What is expected: Every record that follows is to be copied exactly, with the pictures omitted.

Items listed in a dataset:
·····

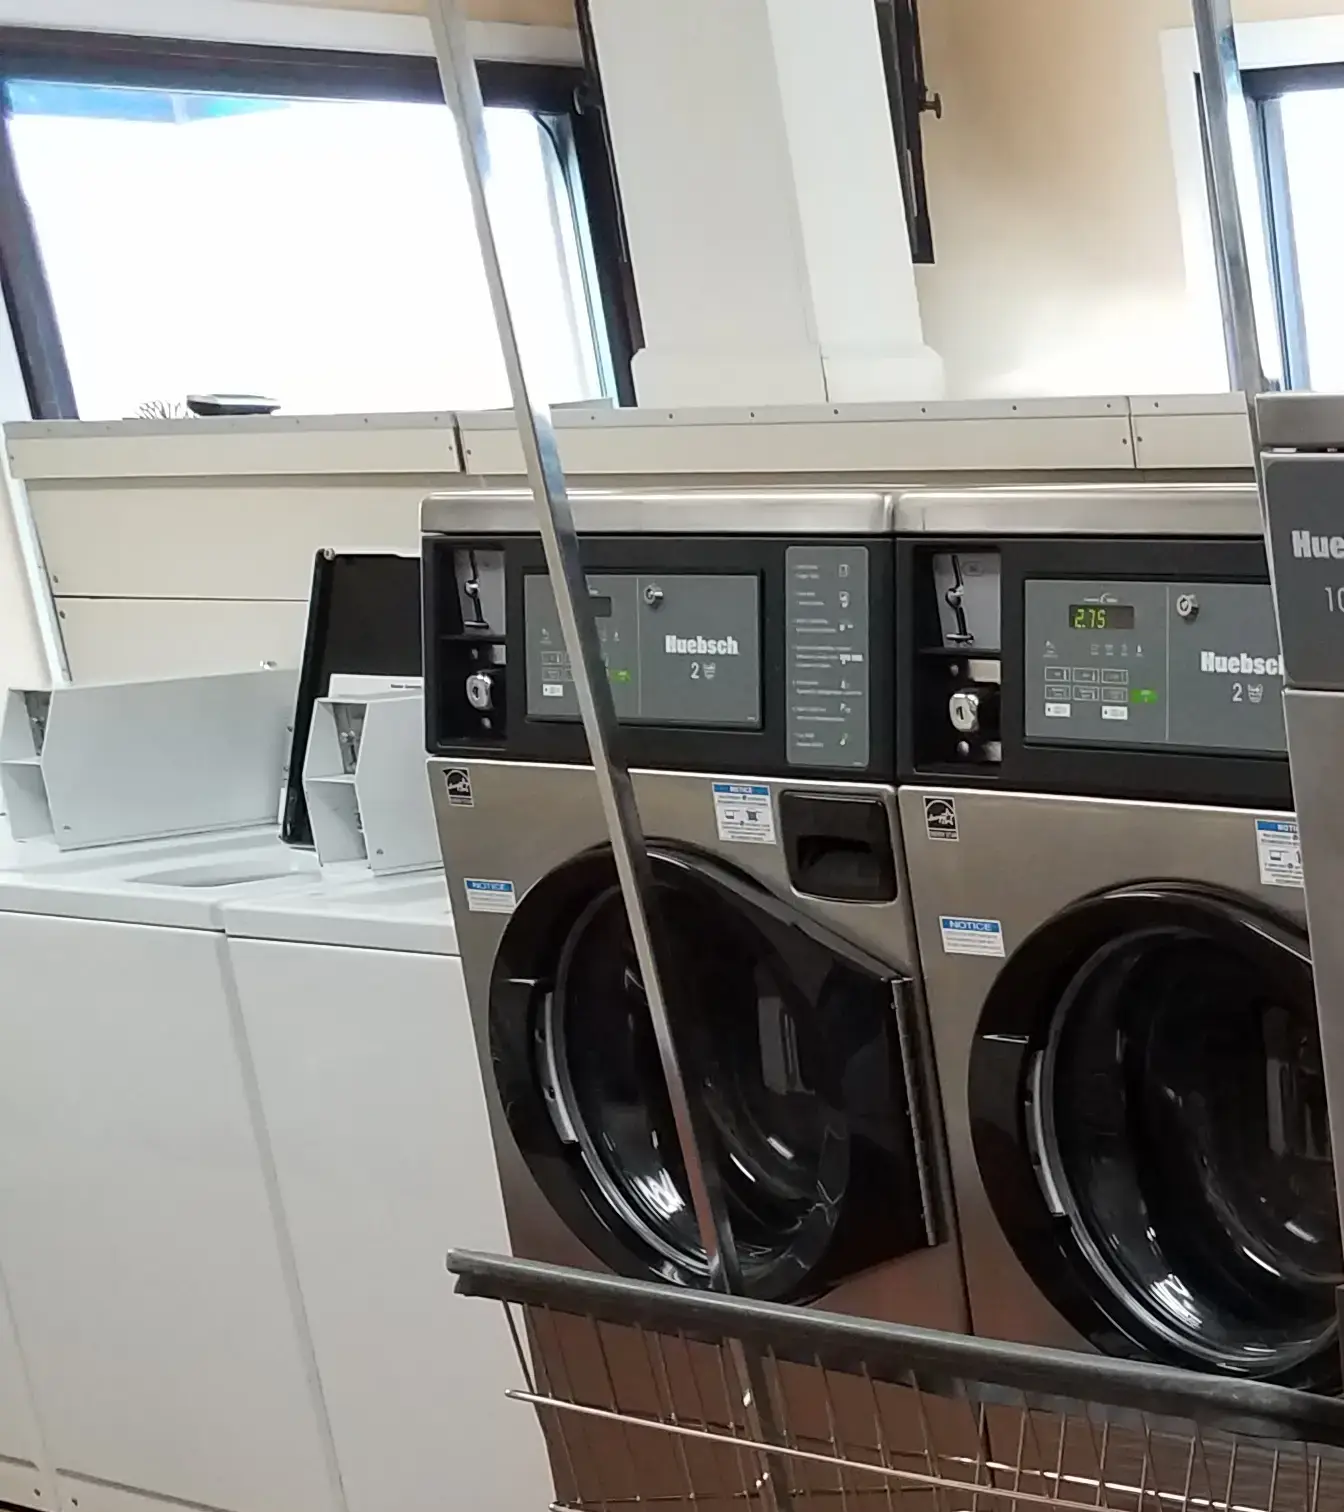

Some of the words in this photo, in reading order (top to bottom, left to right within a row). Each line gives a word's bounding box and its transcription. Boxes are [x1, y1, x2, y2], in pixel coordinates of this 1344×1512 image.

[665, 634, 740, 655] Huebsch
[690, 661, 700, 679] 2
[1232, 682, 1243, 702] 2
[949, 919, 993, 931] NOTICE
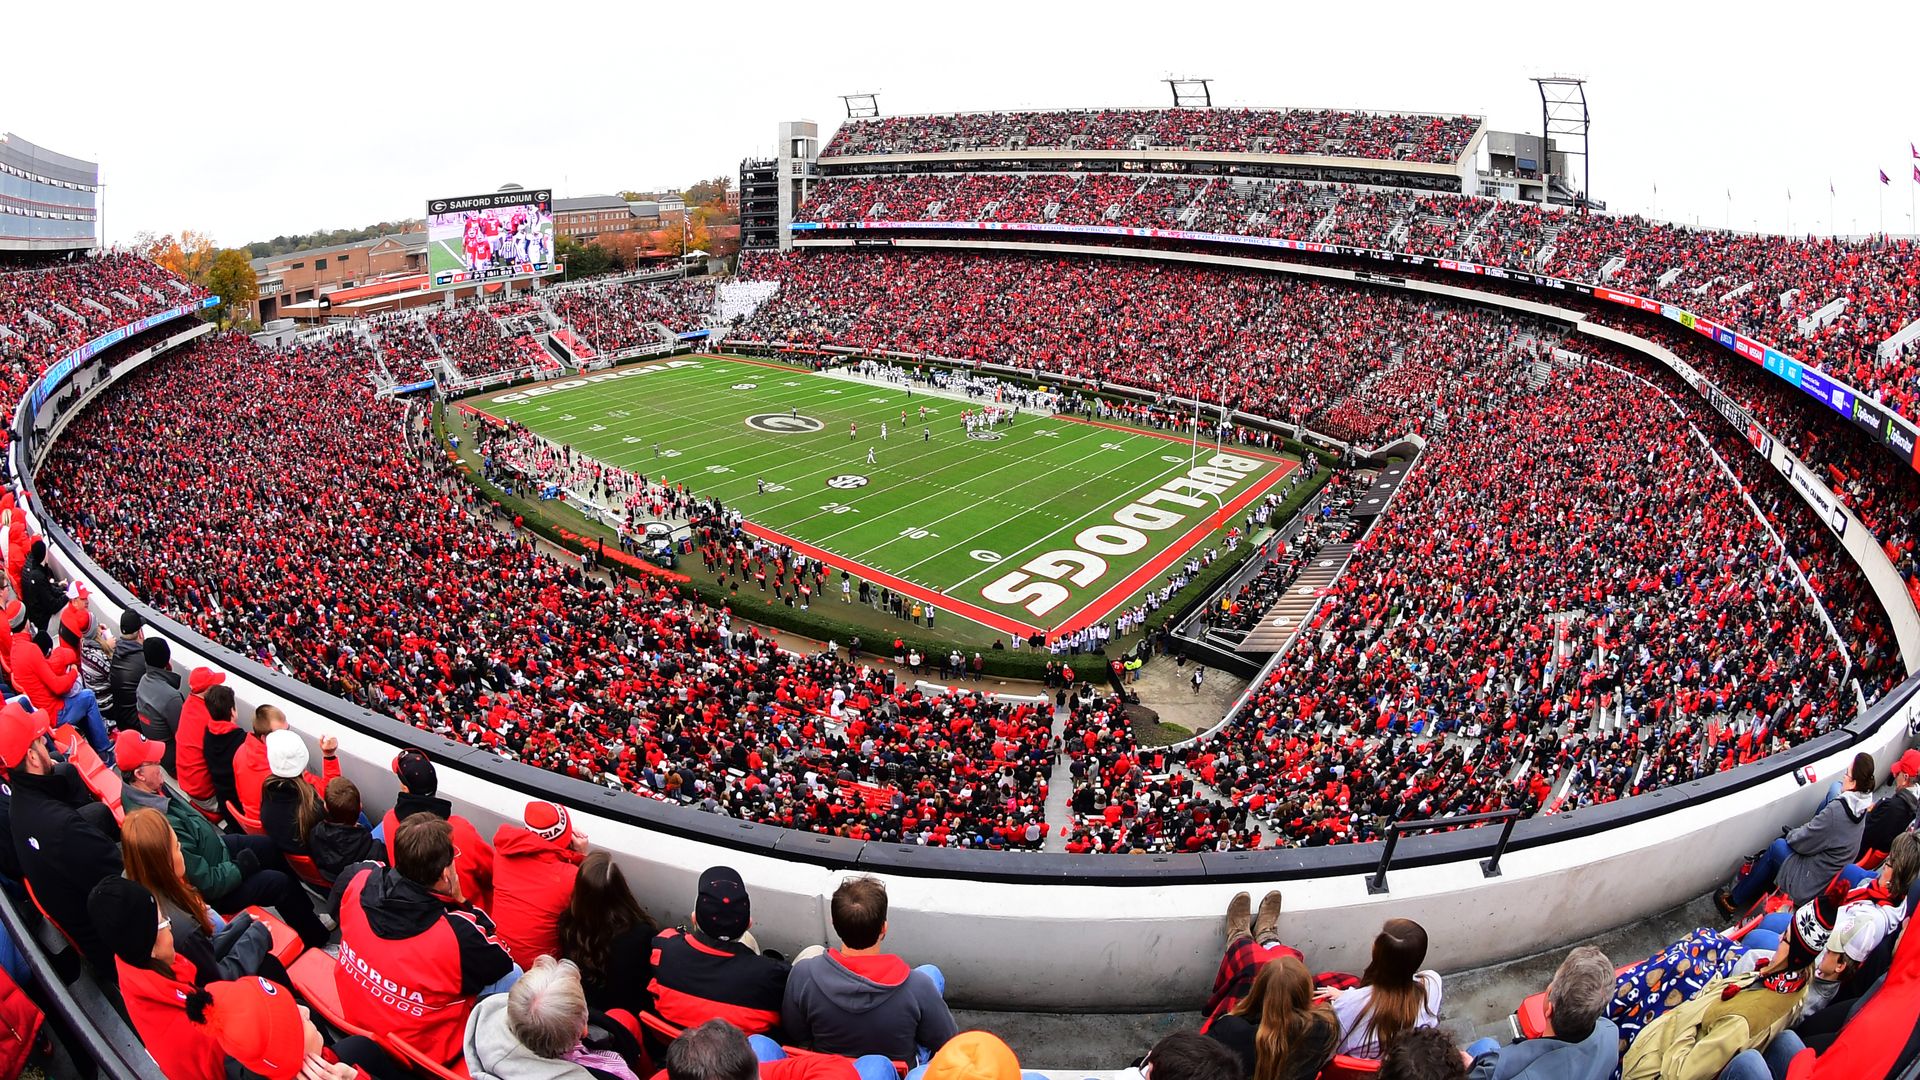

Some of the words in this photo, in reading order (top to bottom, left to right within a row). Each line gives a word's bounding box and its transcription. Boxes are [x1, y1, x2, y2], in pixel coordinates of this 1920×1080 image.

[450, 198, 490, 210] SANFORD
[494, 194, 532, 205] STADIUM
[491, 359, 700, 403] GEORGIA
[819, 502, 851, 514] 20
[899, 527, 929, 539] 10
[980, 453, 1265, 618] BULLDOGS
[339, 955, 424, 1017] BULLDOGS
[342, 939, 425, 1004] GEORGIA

·····

Solution:
Some of the words in this photo, in reading order (top to bottom, left to right within a row). Each line gives a word's bounding box and its transcription. Boxes are [x1, y1, x2, y2], in pixel coordinates of this 1344×1512 image.

[665, 634, 740, 655] Huebsch
[690, 661, 700, 679] 2
[1232, 682, 1243, 702] 2
[949, 919, 993, 931] NOTICE

Some of the words in this photo, in reading order (top to bottom, left to right within a row). Each line gives a word's bounding box and its transcription. Boxes are [x1, y1, x2, y2], in pixel coordinates of this 1920×1080 image.

[450, 198, 490, 210] SANFORD
[494, 194, 532, 205] STADIUM
[491, 359, 700, 403] GEORGIA
[819, 502, 851, 514] 20
[899, 527, 929, 539] 10
[980, 453, 1265, 618] BULLDOGS
[339, 955, 424, 1017] BULLDOGS
[342, 939, 425, 1004] GEORGIA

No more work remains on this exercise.